The raid began with a huge blast at around 9 a.m. that rocked the neighborhood, where other aid groups and government buildings are based. A neighboring building of another aid group caught fire but all staff were evacuated.

“Right after that children and people started running away,” said Ghulam Nabi, who was nearby when the bomb exploded. “I saw a vehicle catch fire and then a gunfight started.”

Islamic State, in a statement on its Amaq news agency, said the attack targeted British, Swedish and Afghan government institutions. Save the Children was founded in Britain, and a Swedish aid group office and a building of the Afghan Department of Women’s Affairs are near the compound.

The attack underlines how difficult operating in Afghanistan has become for humanitarian aid groups, which have faced heavy pressure from armed groups and kidnappers. In 2017, a total of 17 aid workers were killed and 32 injured in the country.

“OUTRAGEOUS”

Save the Children, which says it reaches almost 1.4 million children in Afghanistan, said that for the moment it had closed its offices in Afghanistan. It has operated in Afghanistan since 1976, working in eight provinces as well as in three others through partnership agreements.

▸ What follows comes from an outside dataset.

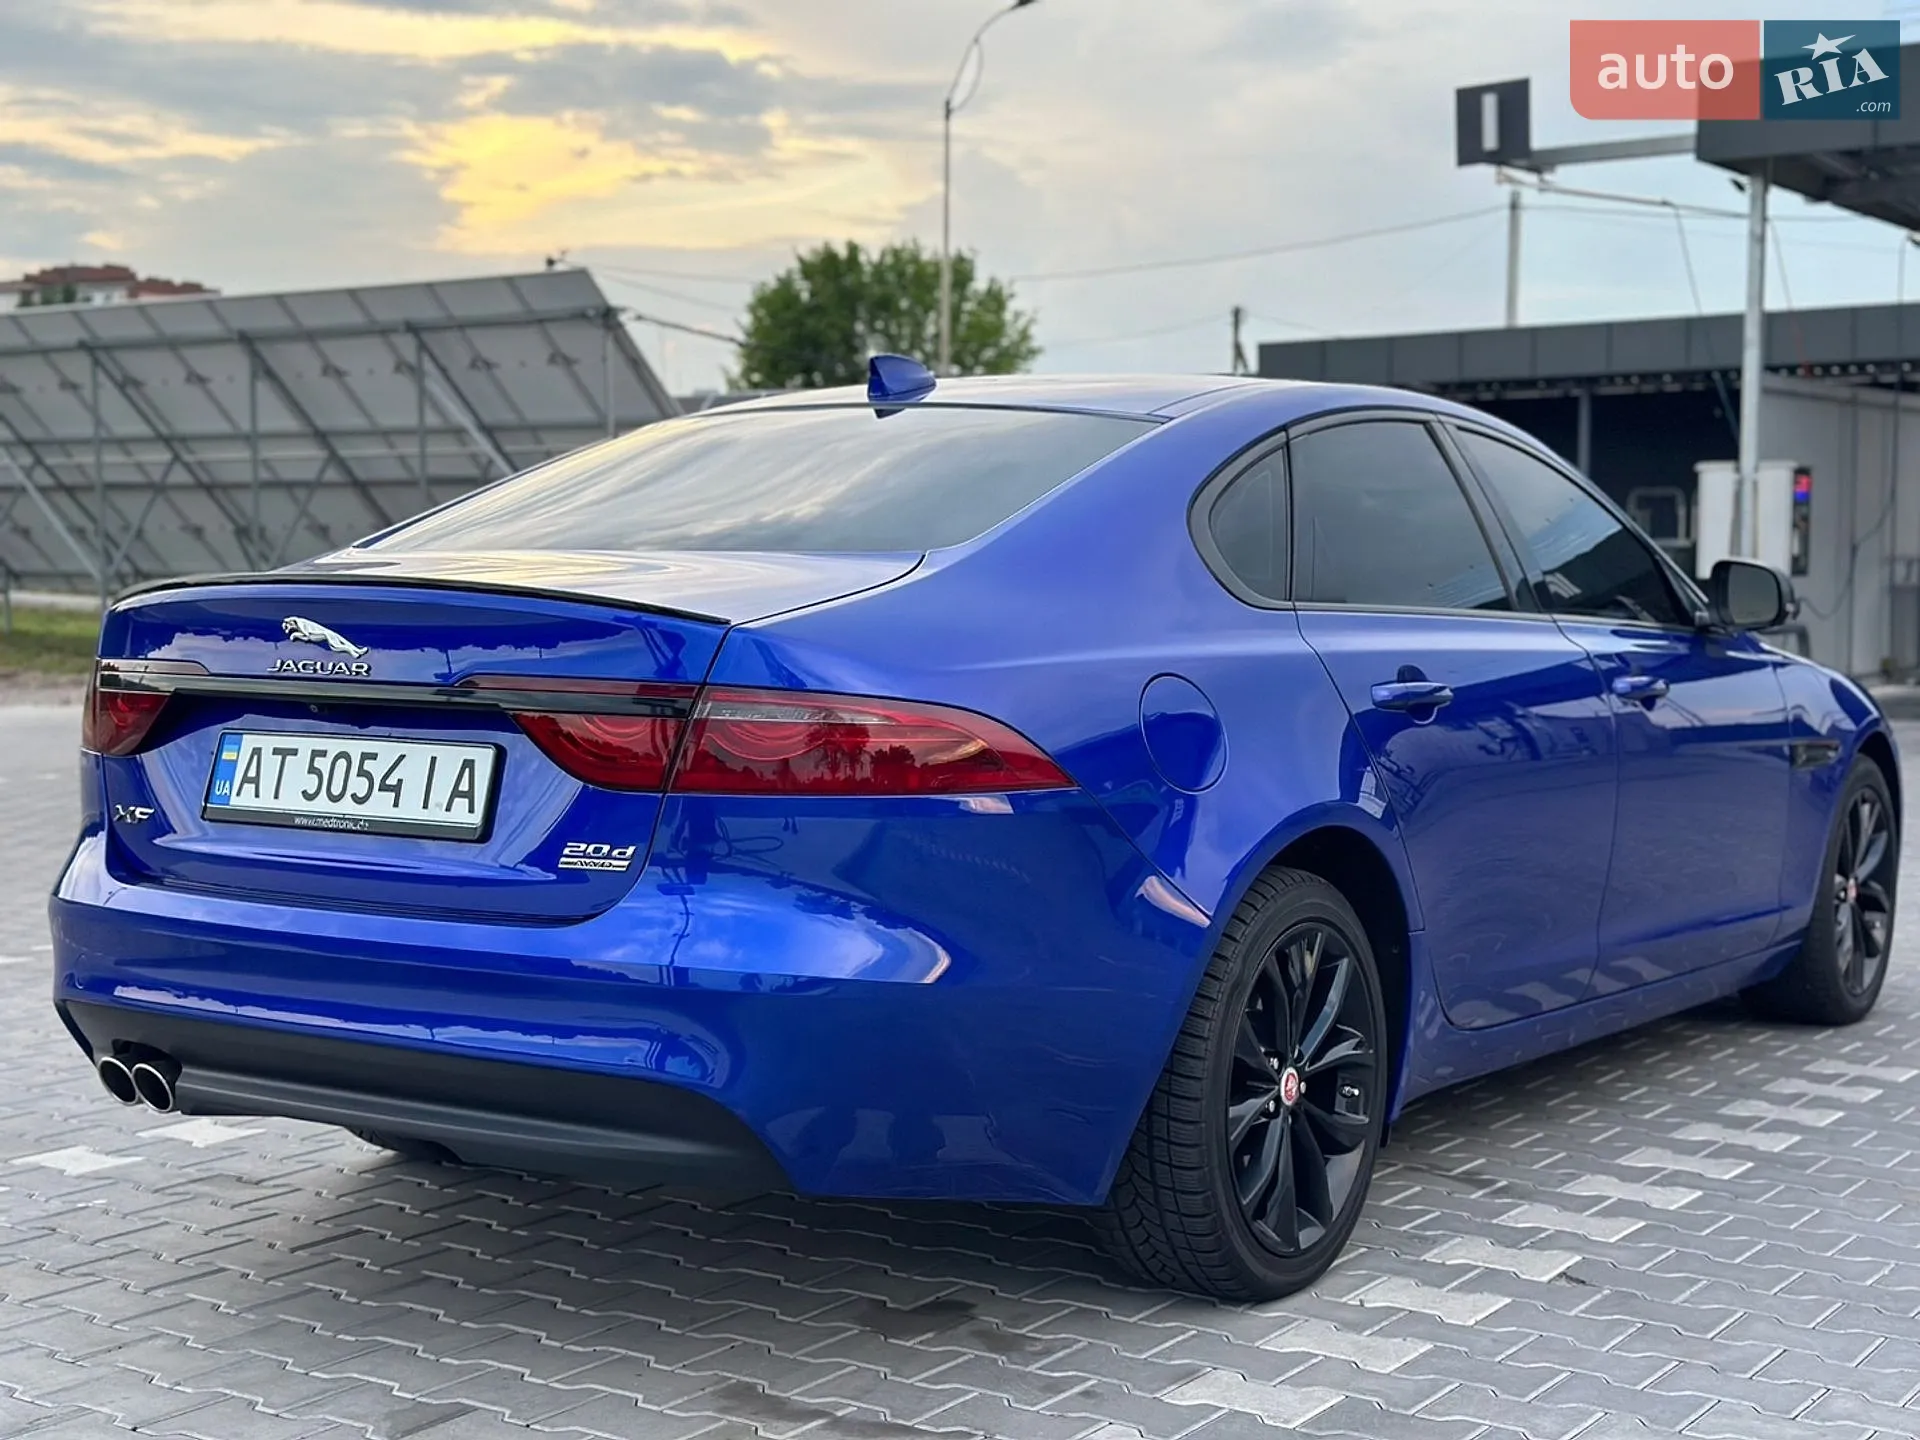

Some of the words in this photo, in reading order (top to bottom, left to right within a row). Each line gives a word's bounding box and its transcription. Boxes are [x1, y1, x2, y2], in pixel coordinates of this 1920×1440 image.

“We are shocked and appalled at the violence carried out against our staff in Afghanistan, who are dedicated humanitarians, committed to improving the lives and wellbeing of millions of children across the country,” Save the Children International CEO Helle Thorning-Schmidt said in a statement.

“We have temporarily suspended our operations across the country following today’s events. However, we remain fully committed to helping the most deprived children of Afghanistan.”

In October, the Red Cross said it was drastically reducing operations in Afghanistan following attacks that killed seven of its staff.

“An attack against an organization that helps children is outrageous. Civilians and aid workers must not be targeted,” said Monica Zanarelli, head of the Red Cross delegation in Afghanistan, in response to Wednesday’s attack.

“Increased violence has made operating in Afghanistan increasingly difficult for many organizations.”

President Ashraf Ghani, whose government has been under heavy pressure to improve security, also condemned the attack in a statement in which he called on neighboring countries not to help militant groups.

Jalalabad is the capital of Nangarhar province on the porous border with Pakistan. Nangarhar has become a bastion of Islamic State, which has grown into one of Afghanistan’s most dangerous militant groups since it appeared around the beginning of 2015.

Backed by intensive U.S. air strikes, Afghan forces have claimed growing success against the Taliban and other militant groups, including Islamic State. But militant attacks on civilian targets have continued, causing heavy casualties.

The attack in Jalalabad occurred just days after Taliban militants raided the Hotel Intercontinental in the capital, Kabul, killing at least 20 people, including 13 foreigners.